We didn’t start that fire.
It is no accident that one of the heroes of the rambling
73-page “manifesto” which Tarrant posted online is Anders Breivik – the Norwegian
white supremacist who murdered 72 of his fellow citizens in 2011. Like Breivik,
Tarrant locates himself in a phantasmagorical world of evil invaders and
righteous defenders. At stake is nothing less than the survival of the “white
race”.
Those who enter this fever dream are utterly inaccessible to
reason. And it is precisely this inaccessibility that makes the weaponised hate
of Breivik and Tarrant so dangerous. In the memorable line from the first Terminator movie: “[I]t can’t be
bargained with. It can’t be reasoned with. It doesn’t feel pity, or remorse, or
fear. And it absolutely will not stop.”
That such individuals are psychologically damaged is
axiomatic. No individual capable of empathy can murder men, women and children
with the robotic efficiency of a Breivik or a Tarrant. Inevitably, the subsequent
psychological assessment of these individuals throws up a toxic mixture of
sociopathic cruelty and extreme narcissism. The injustice and suffering
unfolding in the real world is reinterpreted by the defective personalities of
these lone wolf terrorists as something which is happening not to others – but
to themselves. They take it personally. Far from being “the continuation of
politics by other means”, their terrorism is a savage quest for vengeance.
As the dreadful events of Friday, 15 March 2019 were
unfolding, I couldn’t help recalling the words of King Theoden in J.R.R.
Tolkien’s Lord of the Rings. As his
fortress of Helm’s Deep is on the point of being over-run, he asks
despairingly: “What can men do against such reckless hate?”
That is now the question which New Zealand must ask of
itself.
Part of the answer, the most important part, we have already
seen. In the floral tributes outside the nation’s mosques. In the images of the
imam and the rabbi embracing each other. In the Pasifika voices raised in a
hymn of heart-breaking poignance. In the Maori and Pakeha faces wet with tears, yet set
in grim defiance. In the passionate cry of the massacre survivor: “This is not
New Zealand!” In the nearly $5 million already raised to support the victims’

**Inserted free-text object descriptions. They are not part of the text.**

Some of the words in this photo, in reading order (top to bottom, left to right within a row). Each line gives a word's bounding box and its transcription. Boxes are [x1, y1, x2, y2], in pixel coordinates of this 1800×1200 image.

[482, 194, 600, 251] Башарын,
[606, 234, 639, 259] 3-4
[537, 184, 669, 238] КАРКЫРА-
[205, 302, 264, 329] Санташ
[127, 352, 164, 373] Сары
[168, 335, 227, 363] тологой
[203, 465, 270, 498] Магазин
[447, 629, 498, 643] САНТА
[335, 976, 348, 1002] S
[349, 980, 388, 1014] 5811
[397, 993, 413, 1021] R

families. The answer already given by the people of New Zealand, united in
grief, is unequivocal: When confronted with such reckless hate, the only
possible answer is aroha – love.
The wrong answer; the answer the terrorist is always hoping
the strategic targets of his rage will give; is to meet recklessness with
recklessness; hate with hate.
While the ruins of the Twin Towers were still smoking, the American
people shackled themselves to the Patriot Act: voluntarily curtailing the very
freedoms the Al Qaida terrorists were condemned for attacking.

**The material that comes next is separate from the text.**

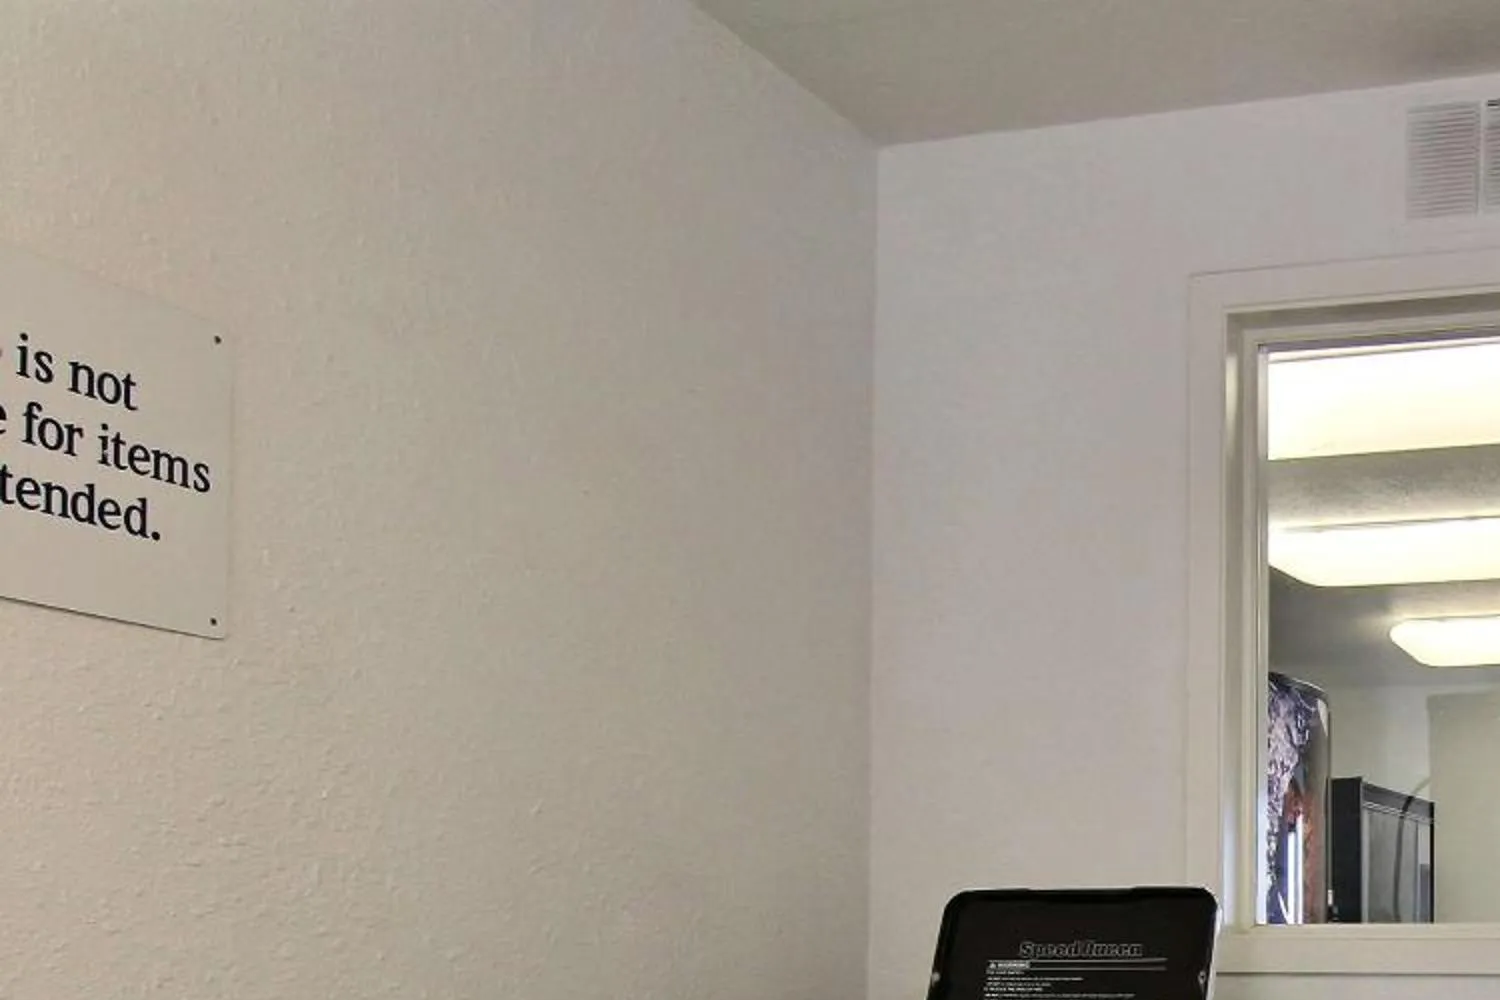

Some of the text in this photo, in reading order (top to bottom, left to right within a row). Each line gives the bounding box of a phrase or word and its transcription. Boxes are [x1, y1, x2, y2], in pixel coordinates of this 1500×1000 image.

[16, 333, 138, 411] is not
[21, 401, 84, 457] for
[98, 424, 211, 493] items

The contrast between the American response to 9/11, and the Norwegian
Government’s response to Breivik, could hardly be more striking. At a memorial
service in Oslo Cathedral, the Norwegian Prime Minister, Jens Stoltenberg,
declared: “We must not allow this attack to hurt Norwegian democracy: the
proper answer to such violence is more democracy, more openness … No one has
said it better than the [young woman] who was interviewed by CNN: ‘If one man
can show so much hate, think how much love we could show, standing together.’”
It is to be hoped that our Prime Minister, Jacinda Ardern,
allows herself to be guided by Stoltenberg’s example. To date, her handling of
the Christchurch tragedy has been faultless. Her sole policy response, an uncompromising
pledge to reform New Zealand’s gun laws, was focused, measured and appropriate.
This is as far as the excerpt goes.